TASK TO CARRY OUT >> The task requires restating, word for word, the lines of the entries below from the one containing "this 2048×1152 image." through the final one, both included.

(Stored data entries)
Content starts

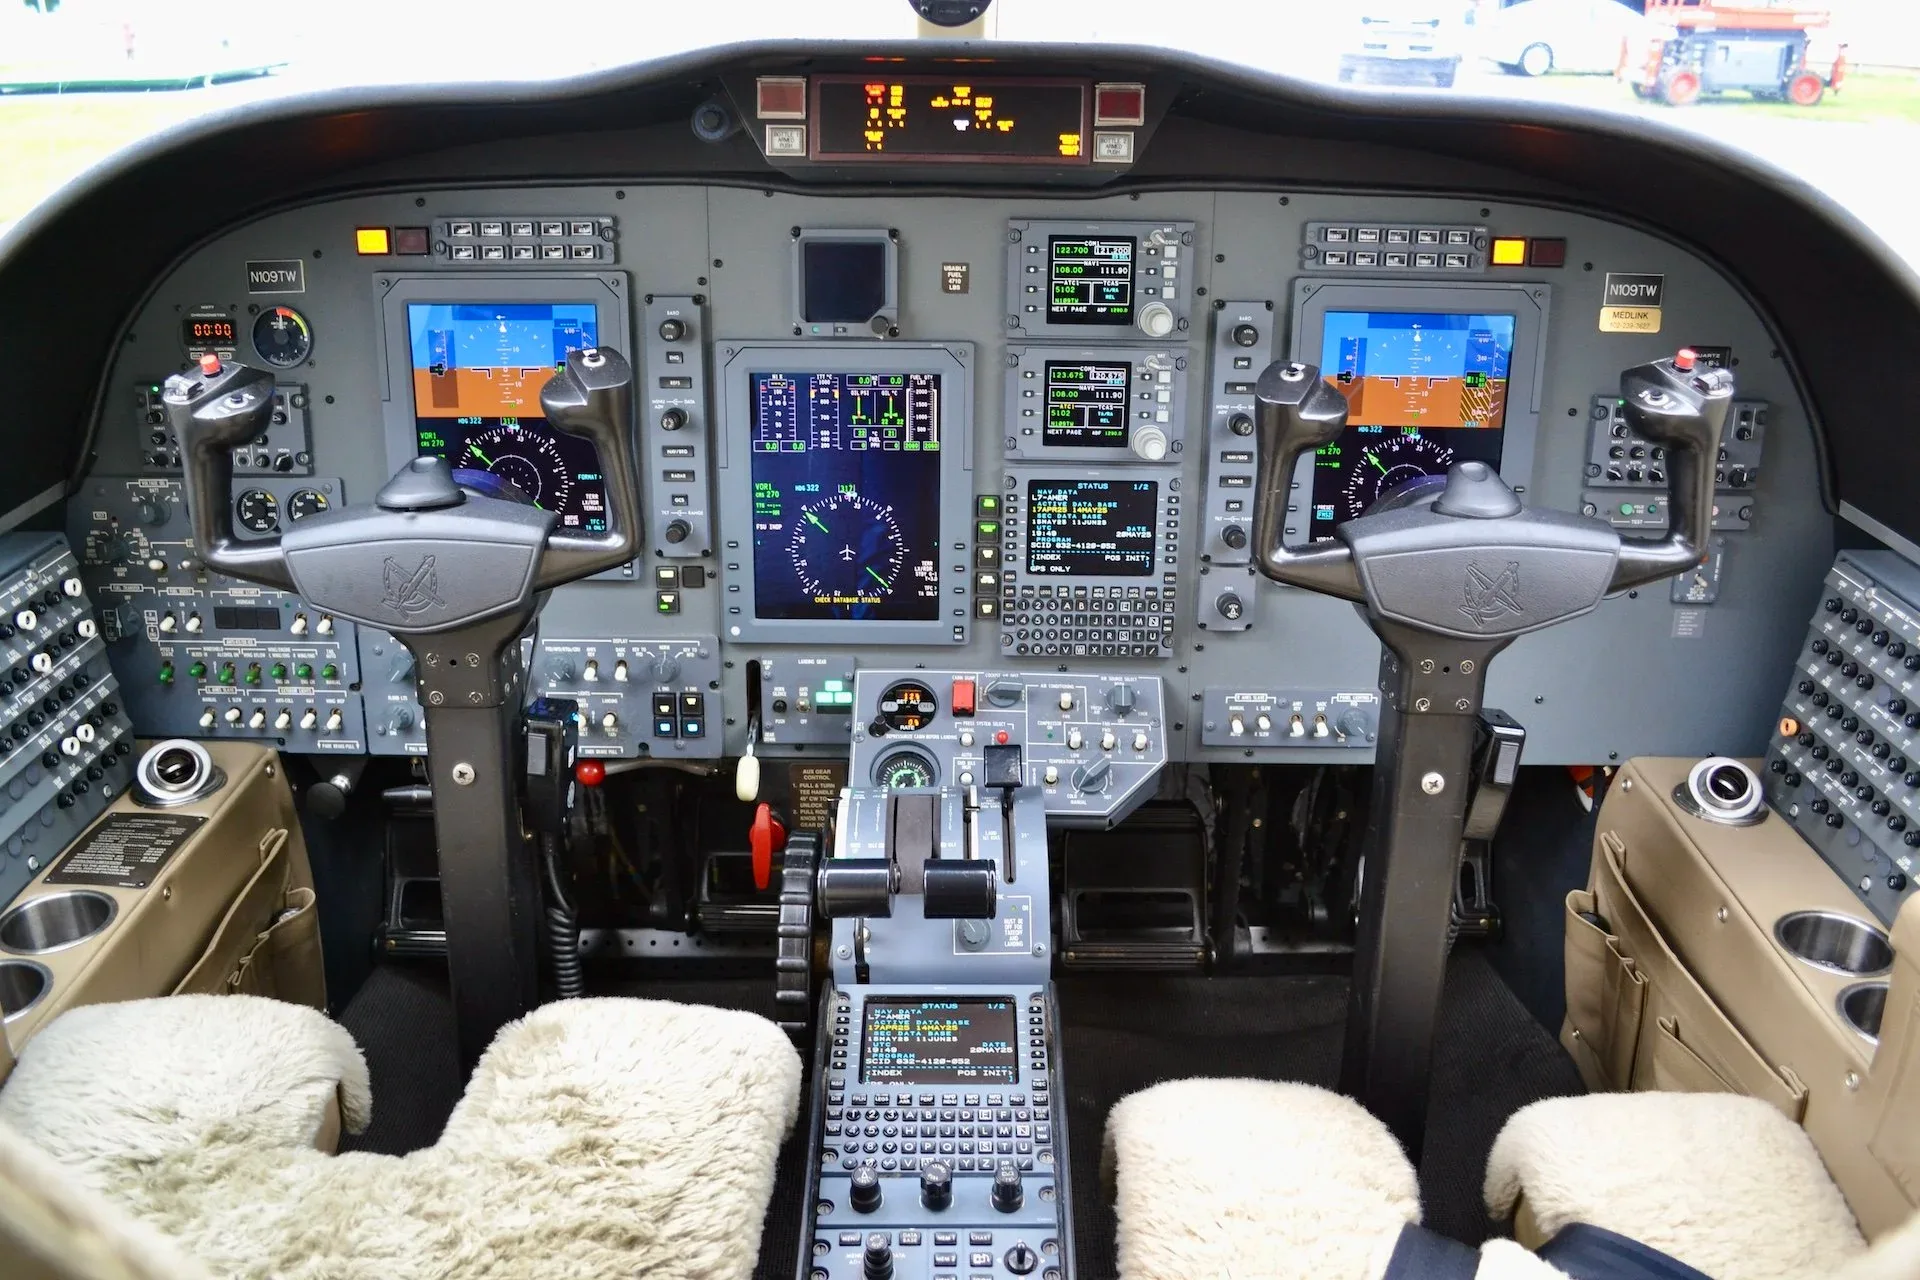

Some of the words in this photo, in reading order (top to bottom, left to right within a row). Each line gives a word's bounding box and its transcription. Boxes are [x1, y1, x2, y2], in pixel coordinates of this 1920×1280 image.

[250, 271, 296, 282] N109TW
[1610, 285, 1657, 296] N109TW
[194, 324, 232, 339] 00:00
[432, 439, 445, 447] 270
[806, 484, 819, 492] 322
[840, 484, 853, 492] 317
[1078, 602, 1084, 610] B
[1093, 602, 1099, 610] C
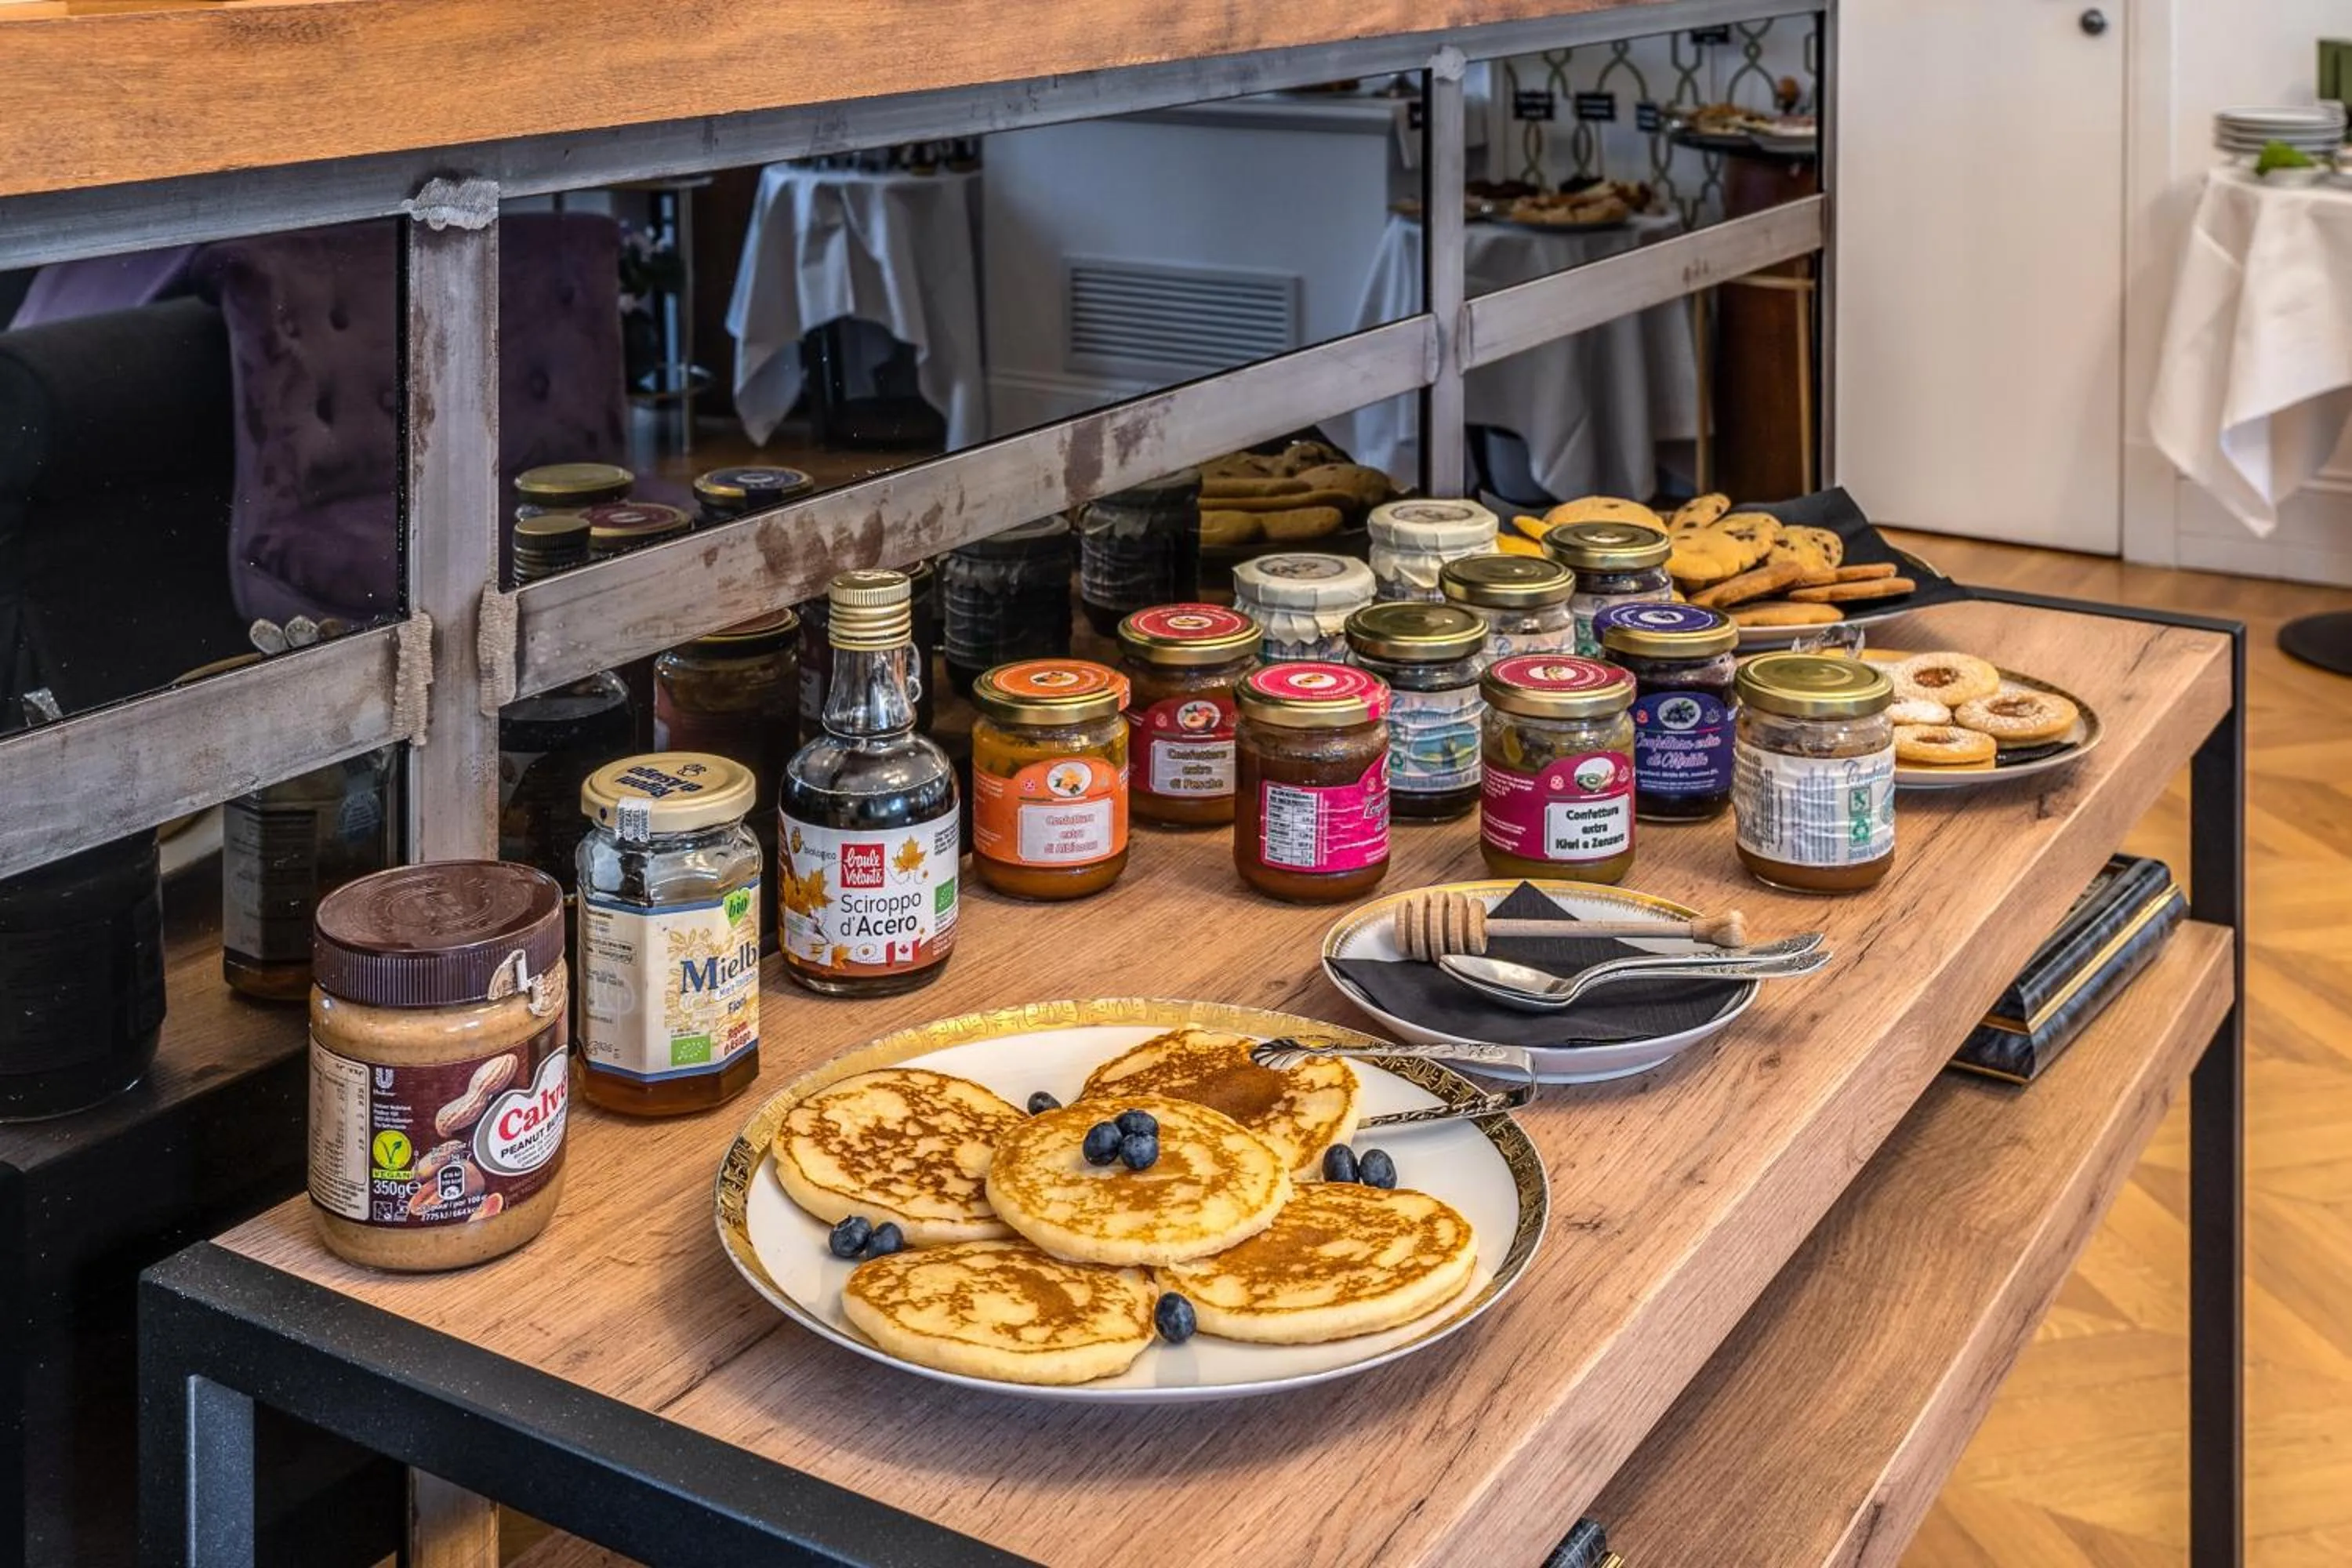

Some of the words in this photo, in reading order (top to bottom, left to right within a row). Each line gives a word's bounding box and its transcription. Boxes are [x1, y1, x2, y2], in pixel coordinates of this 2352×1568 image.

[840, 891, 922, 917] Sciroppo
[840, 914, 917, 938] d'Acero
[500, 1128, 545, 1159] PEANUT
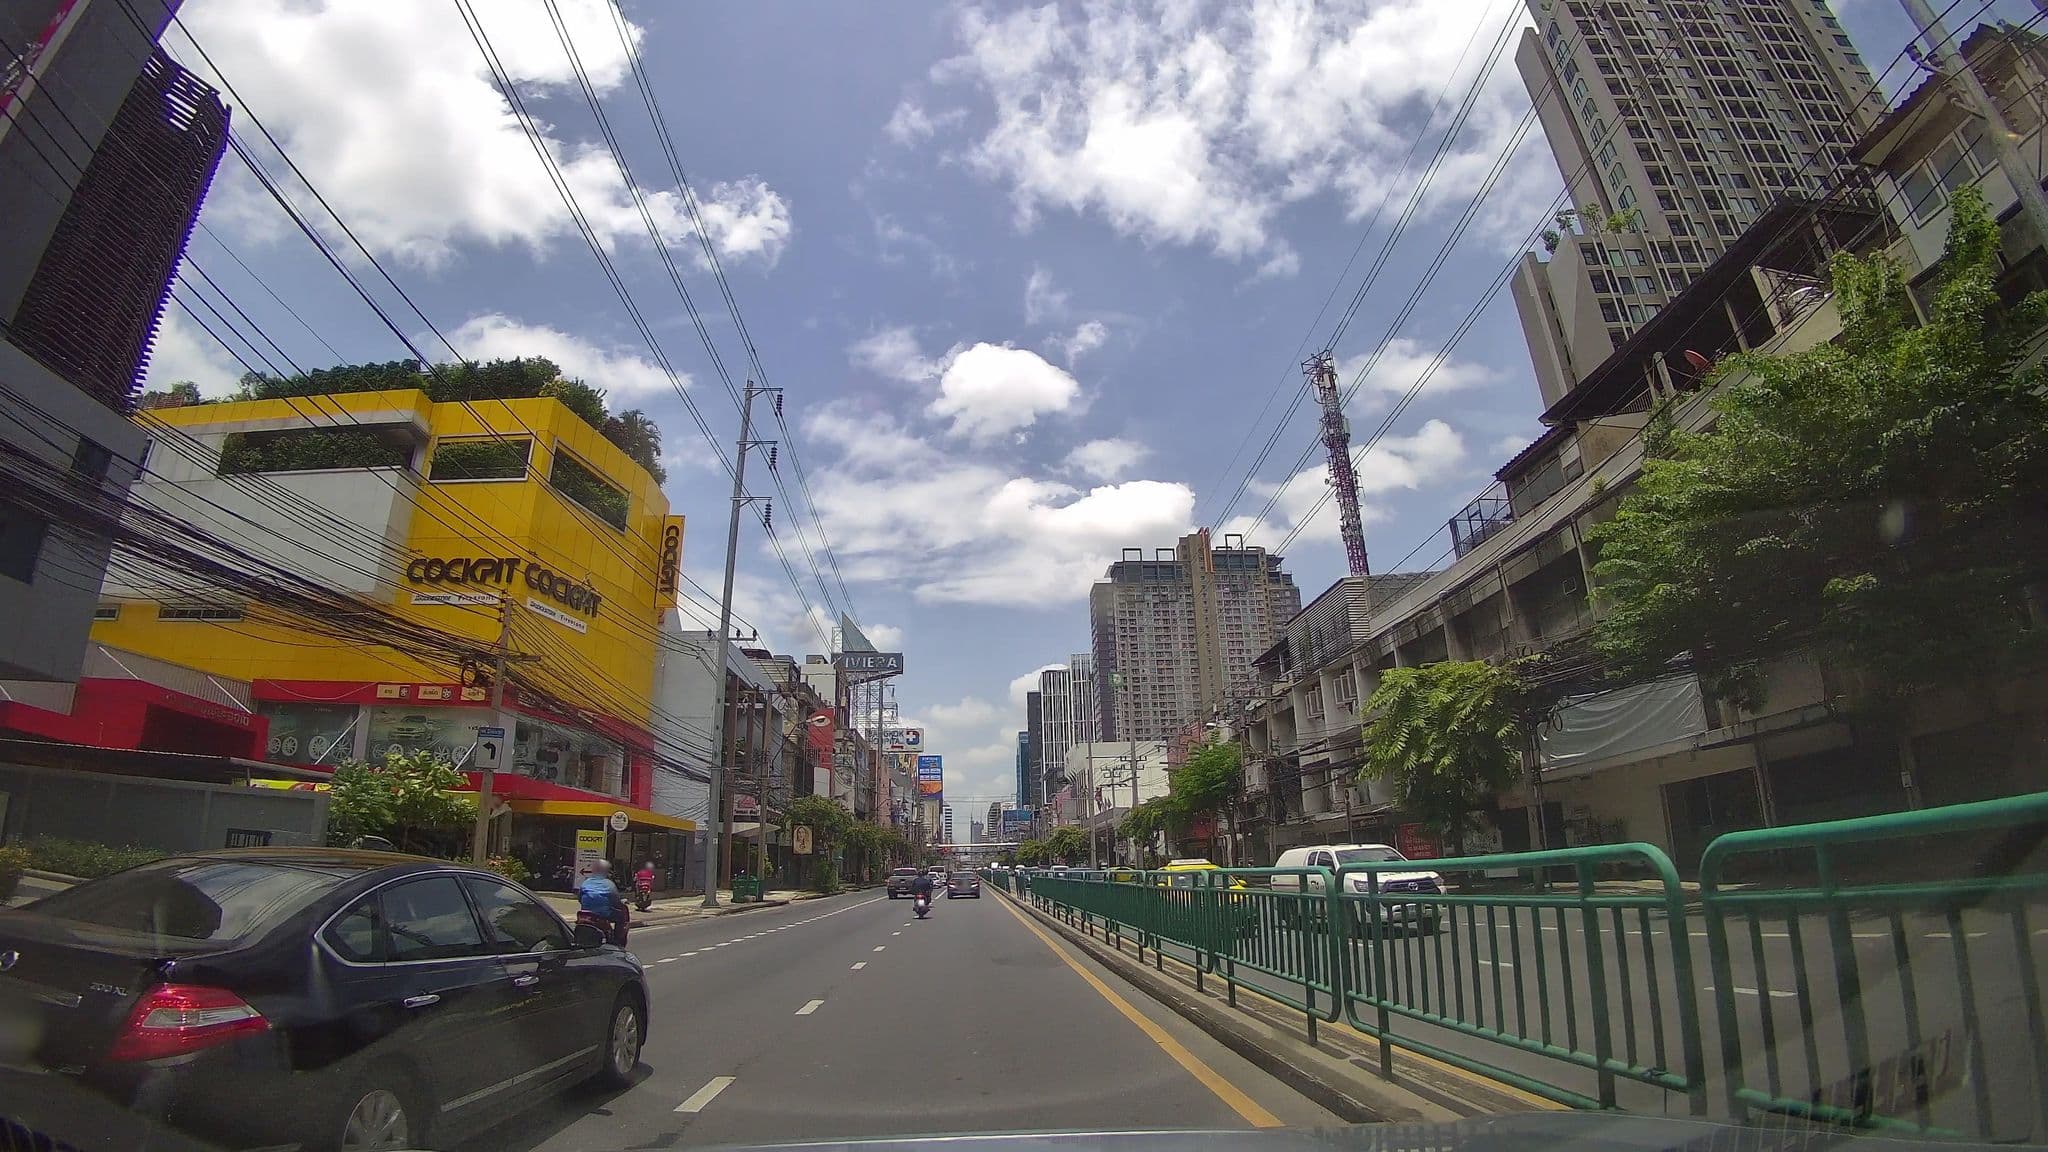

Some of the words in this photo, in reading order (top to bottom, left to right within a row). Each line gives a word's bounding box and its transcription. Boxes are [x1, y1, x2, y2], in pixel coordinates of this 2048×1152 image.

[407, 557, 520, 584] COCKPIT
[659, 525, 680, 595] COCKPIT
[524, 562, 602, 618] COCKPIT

Content ends

WRITTEN SOLUTION >>
Some of the words in this photo, in reading order (top to bottom, left to right within a row). Each line gives a word's bounding box and its transcription. Boxes are [x1, y1, x2, y2], in pixel coordinates of this 2048×1152 image.

[407, 557, 520, 584] COCKPIT
[659, 525, 680, 595] COCKPIT
[524, 562, 602, 618] COCKPIT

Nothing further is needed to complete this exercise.